Kubernetes: The most important technical terms

The Kubernetes system uses some technical terms that you won't find anywhere else. Therefore, we will first take a look at the terminology here:

• Cluster: when Kubernetes is successfully applied, it is referred to as a cluster. All other parts of the system are organized within this cluster.
• Pod: The smallest unit in Kubernetes. A pod is a container made up of one or more containers, all implemented through a single node. Thus, the containers within a pod not only share the same IP address, IPC, and hostname, but are also managed together.
• Nodes: The computing machines execute the assigned tasks by accessing the containers.
• Service: The service proxies ensure that service requests within the system automatically land at the correct pod.
• Control Plane: As the name suggests, this is the control unit of the system. This is where the user assigns or requests all tasks.
• Replication Controller: The Replication Controller ensures that the desired number of identical pods is always active on the cluster.
• Kubelet: The Kubelet service can be thought of as a kind of checkpoint. This is deployed at the nodes through which the pods are deployed and ensures that all containers are functioning properly.

Why Kubernetes?

Why is Kubernetes so popular and so important? In a nutshell, Kubernetes makes it possible to manage even comprehensive systems made up of individual containers in a straightforward and efficient manner. In simple terms, then, Kubernetes is an organizational aid that allows large container deployments to be arranged in tiers and, for the most part, managed automatically.

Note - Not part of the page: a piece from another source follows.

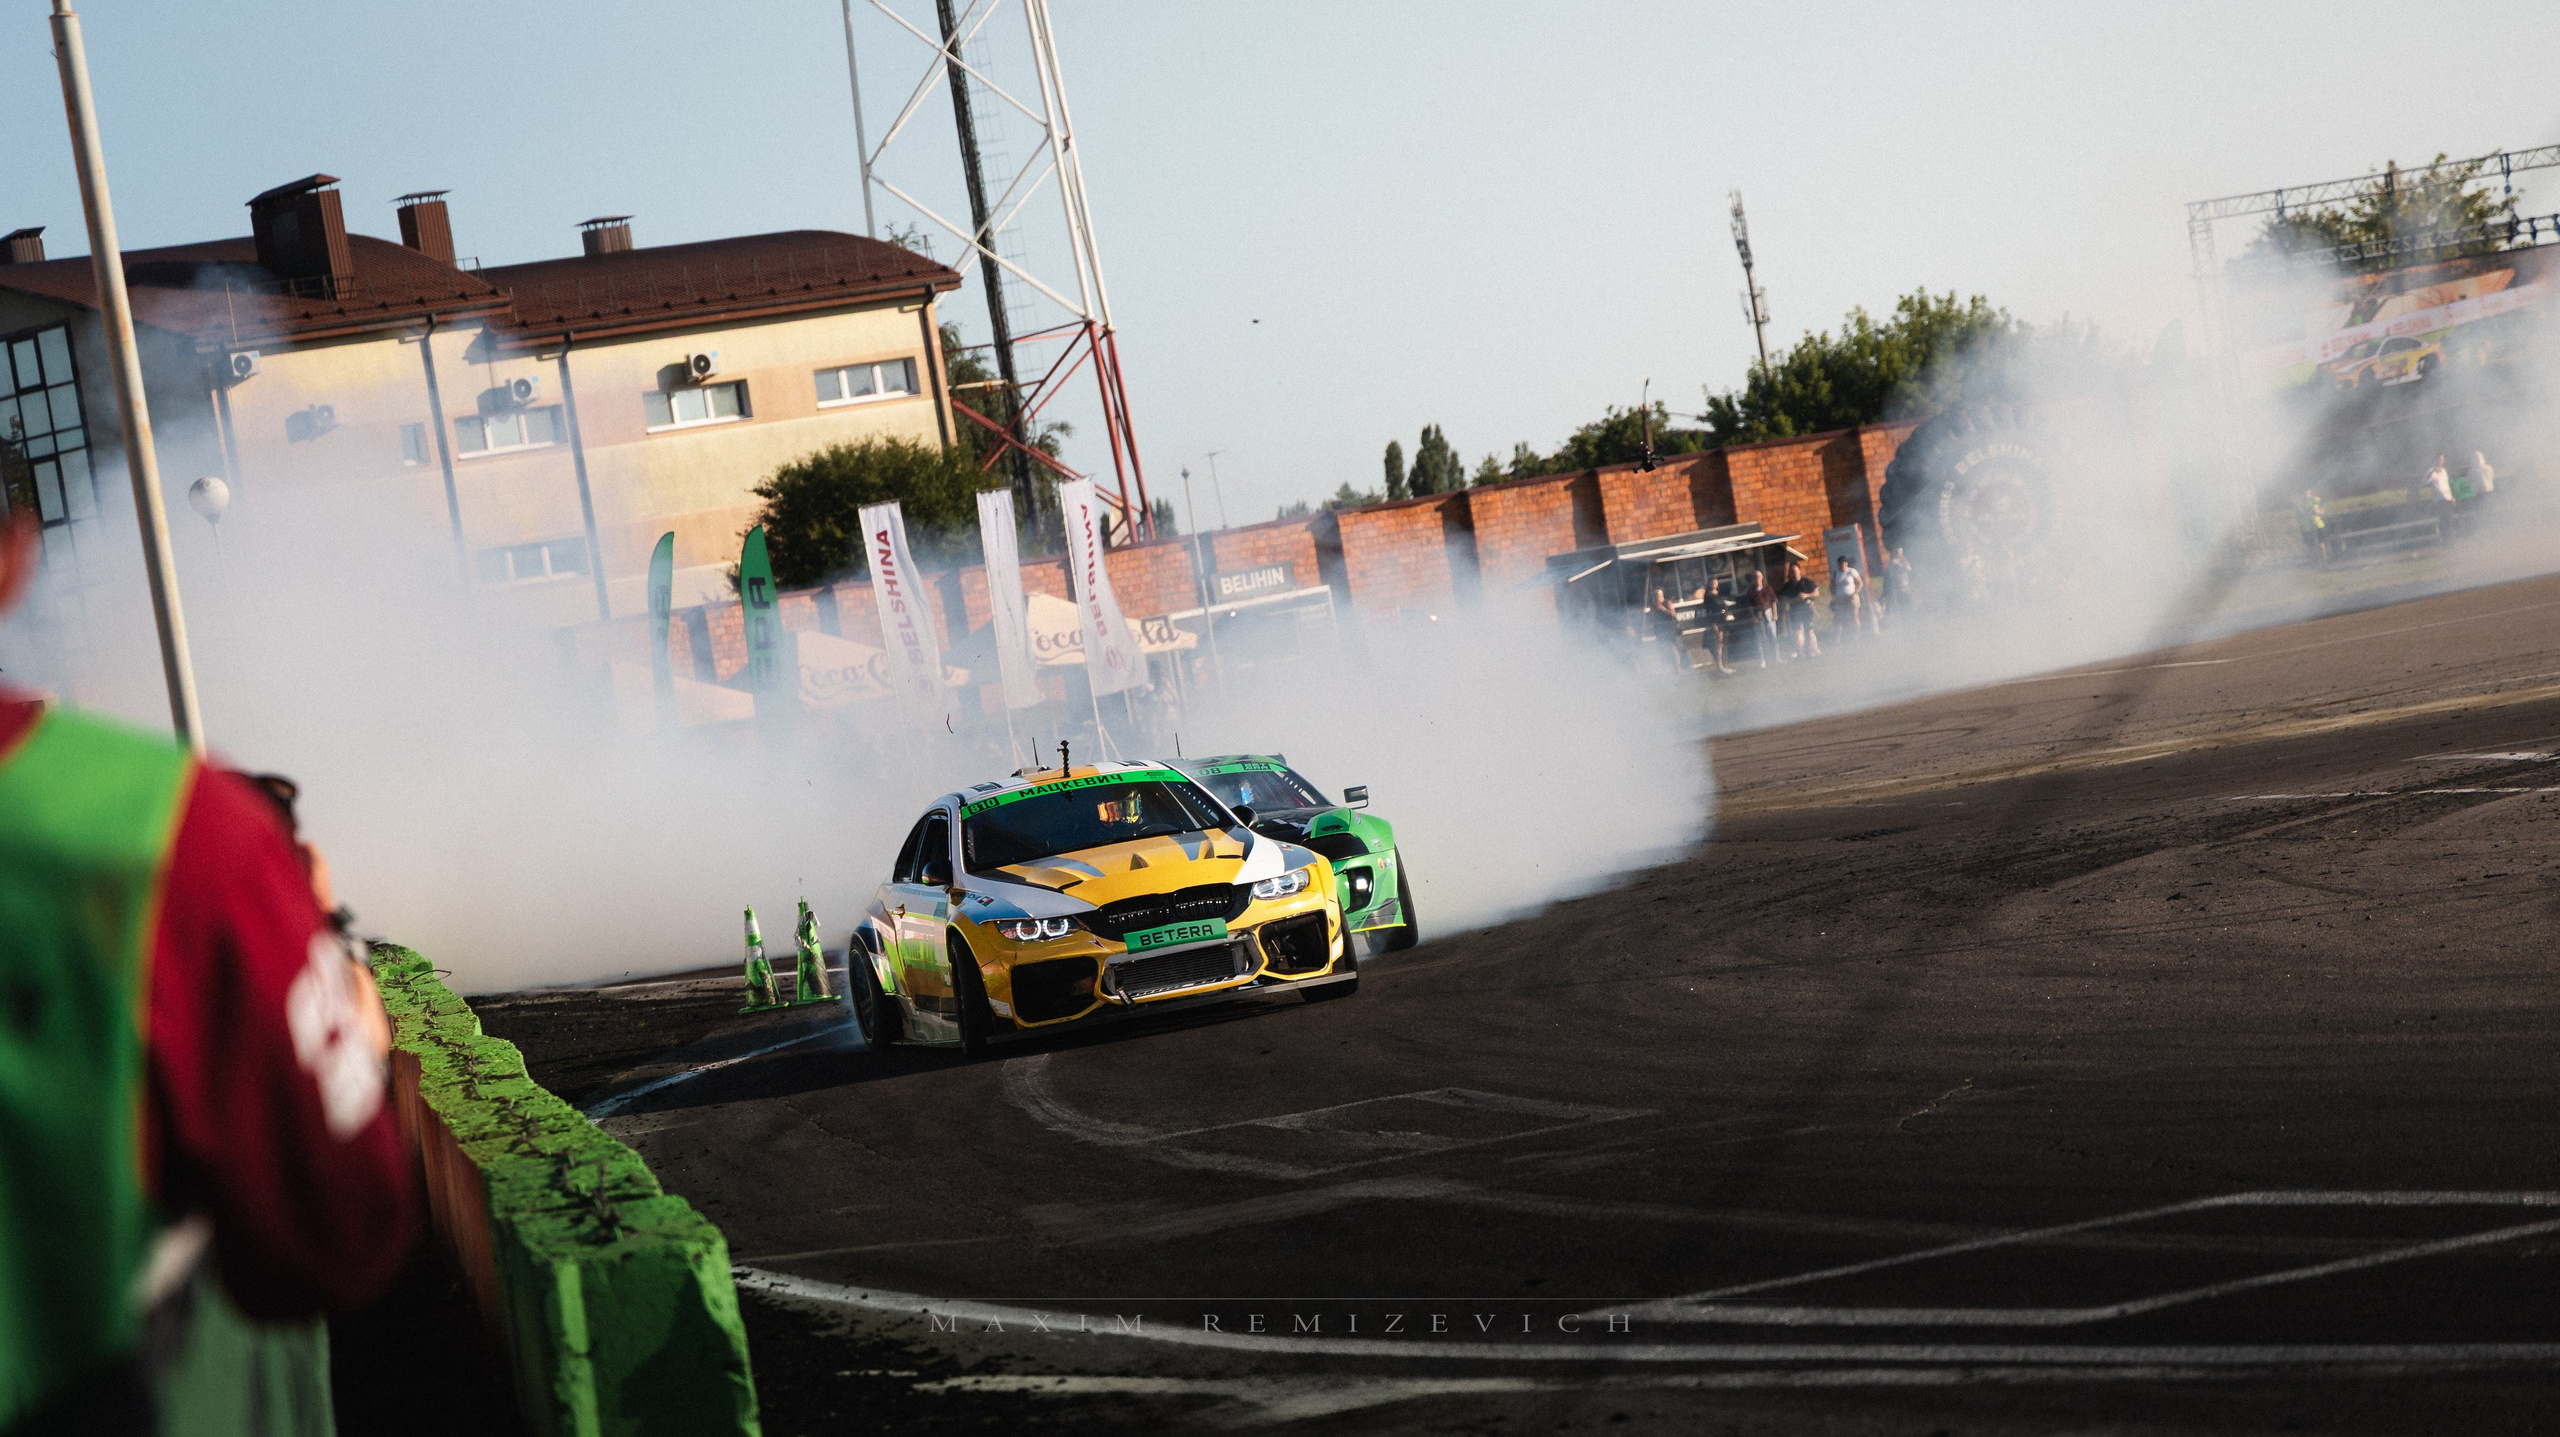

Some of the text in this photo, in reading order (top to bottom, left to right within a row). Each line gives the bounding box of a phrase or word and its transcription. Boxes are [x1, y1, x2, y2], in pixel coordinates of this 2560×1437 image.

The most important feature of Kubernetes is that it can be used to combine multiple containers into a single pod. This not only makes it much easier for the user to plan workloads, but also to always provide the individual containers with sufficient networking and storage. This also makes it possible to scale countless containers within a single system.

In addition, thanks to the nodes and system proxies, the user no longer has to assign tasks manually. As an administrator, one only enters the desired task, Kubernetes then assigns this independently, monitors the utilization of the nodes and the presence of sufficient resources.

How Kubernetes works

A successfully implemented Kubernetes system is called a cluster. The heart of this cluster is the Control Plane. This is where all tasks are entered or requested. The Control Plane then forwards these instructions, with the system automatically deciding which node, i.e. which computing machine, is best suited for the application and how many resources are required for it.

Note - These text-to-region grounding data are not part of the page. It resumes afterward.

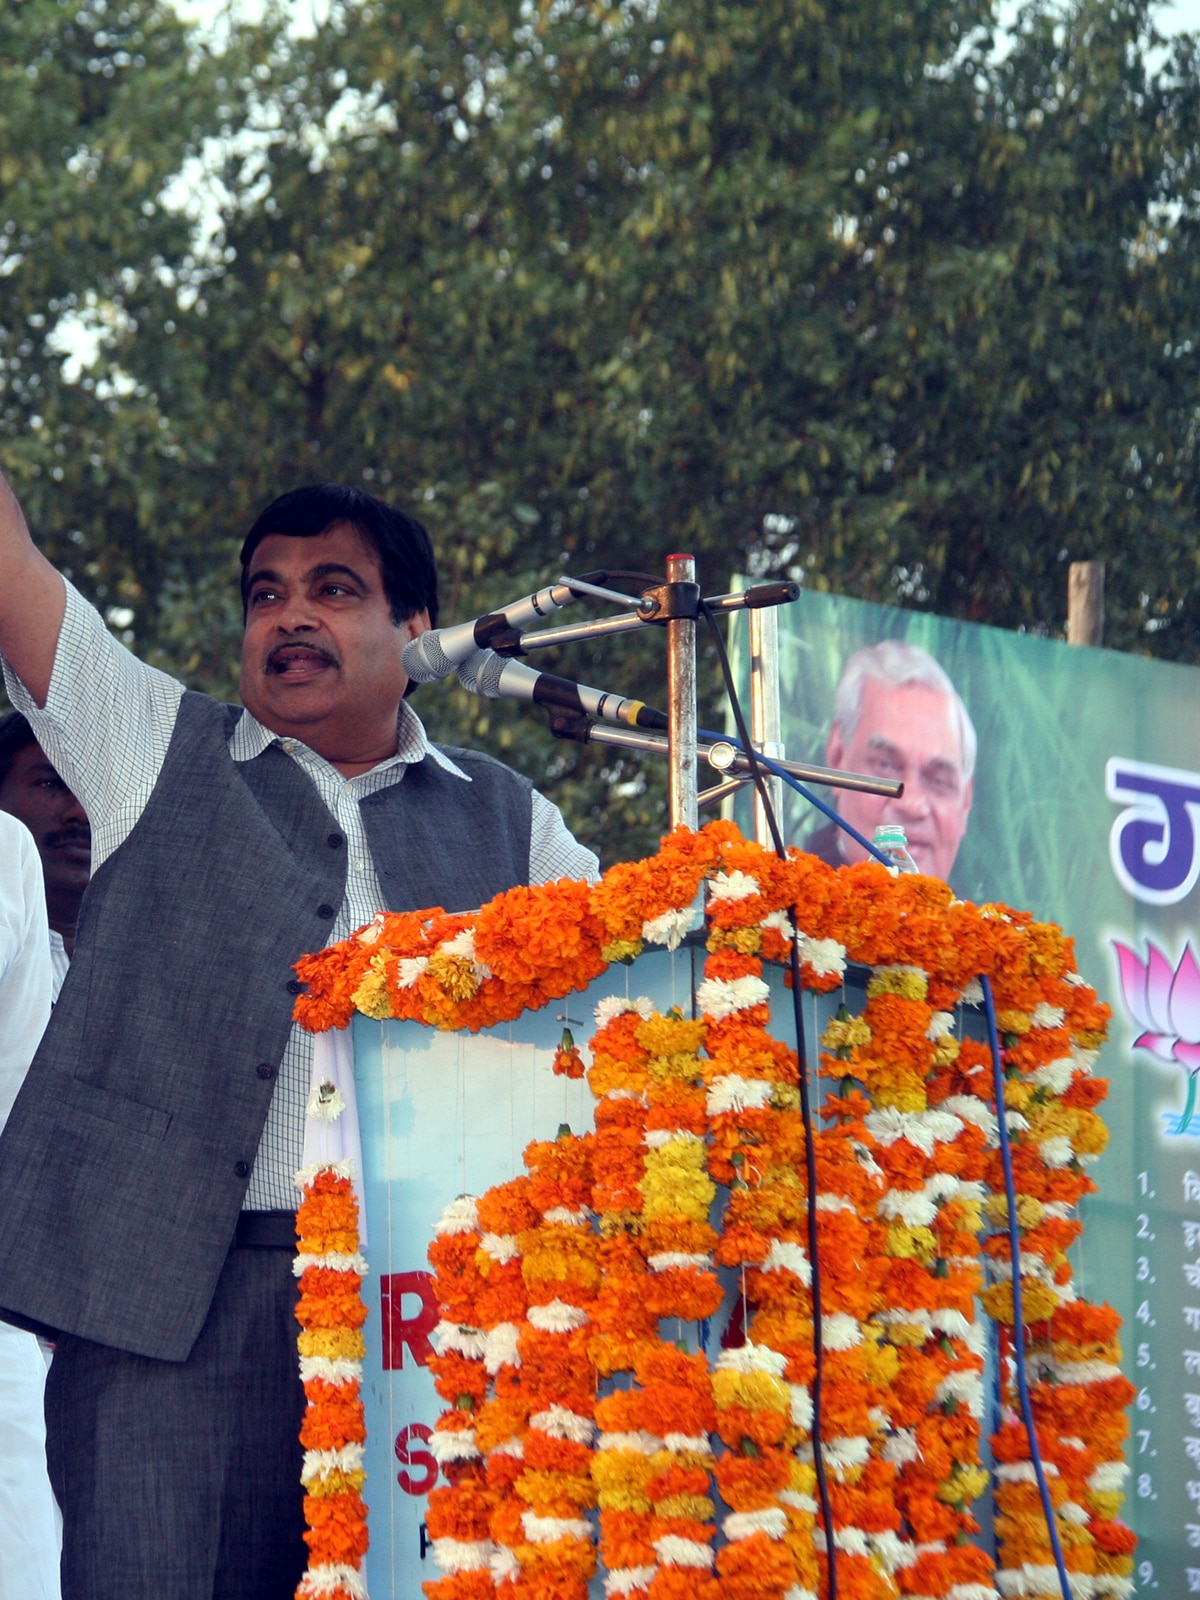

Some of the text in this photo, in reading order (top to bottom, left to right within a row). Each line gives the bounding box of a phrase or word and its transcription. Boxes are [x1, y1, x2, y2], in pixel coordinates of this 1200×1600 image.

[1136, 1170, 1156, 1199] 1.
[1136, 1213, 1156, 1241] 2.
[1136, 1256, 1156, 1285] 3.
[380, 1270, 441, 1370] R
[1135, 1300, 1157, 1327] 4.
[1136, 1342, 1157, 1371] 5.
[1136, 1386, 1157, 1414] 6.
[1136, 1429, 1157, 1457] 7.
[1137, 1472, 1158, 1500] 8.
[1138, 1561, 1159, 1588] 9.

Each node is a standalone Linux environment and can be either a physical machine, i.e., a computer, or a virtual machine, i.e., a cloud. The nodes, in turn, run the pods, which group one or more containers together. After the control panel assigns a task to a node, the node executes the task by using the containers.

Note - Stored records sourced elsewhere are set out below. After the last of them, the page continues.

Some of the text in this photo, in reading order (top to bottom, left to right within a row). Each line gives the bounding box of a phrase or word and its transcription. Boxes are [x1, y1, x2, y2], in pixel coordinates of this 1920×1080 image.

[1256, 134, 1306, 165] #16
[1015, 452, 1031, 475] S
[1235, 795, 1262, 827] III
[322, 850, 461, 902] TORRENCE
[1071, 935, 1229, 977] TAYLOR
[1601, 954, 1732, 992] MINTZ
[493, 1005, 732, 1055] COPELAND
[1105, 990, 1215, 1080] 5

This does not change the general management or use of the containers. However, users now no longer have to micromanage each container individually, but can simply specify in the cluster how and with which resources the individual containers should work. Everything else is then executed automatically.

Here's what to keep in mind about Kubernetes

Kubernetes is an open source platform, so it can basically be used free of charge. However, this also means that, unlike other online services, no support structure is provided by the provider. So if you want to use Kubernetes for your own systems, careful planning, implementation and maintenance is extremely important. After all, if an application does not work, there is no one to turn to.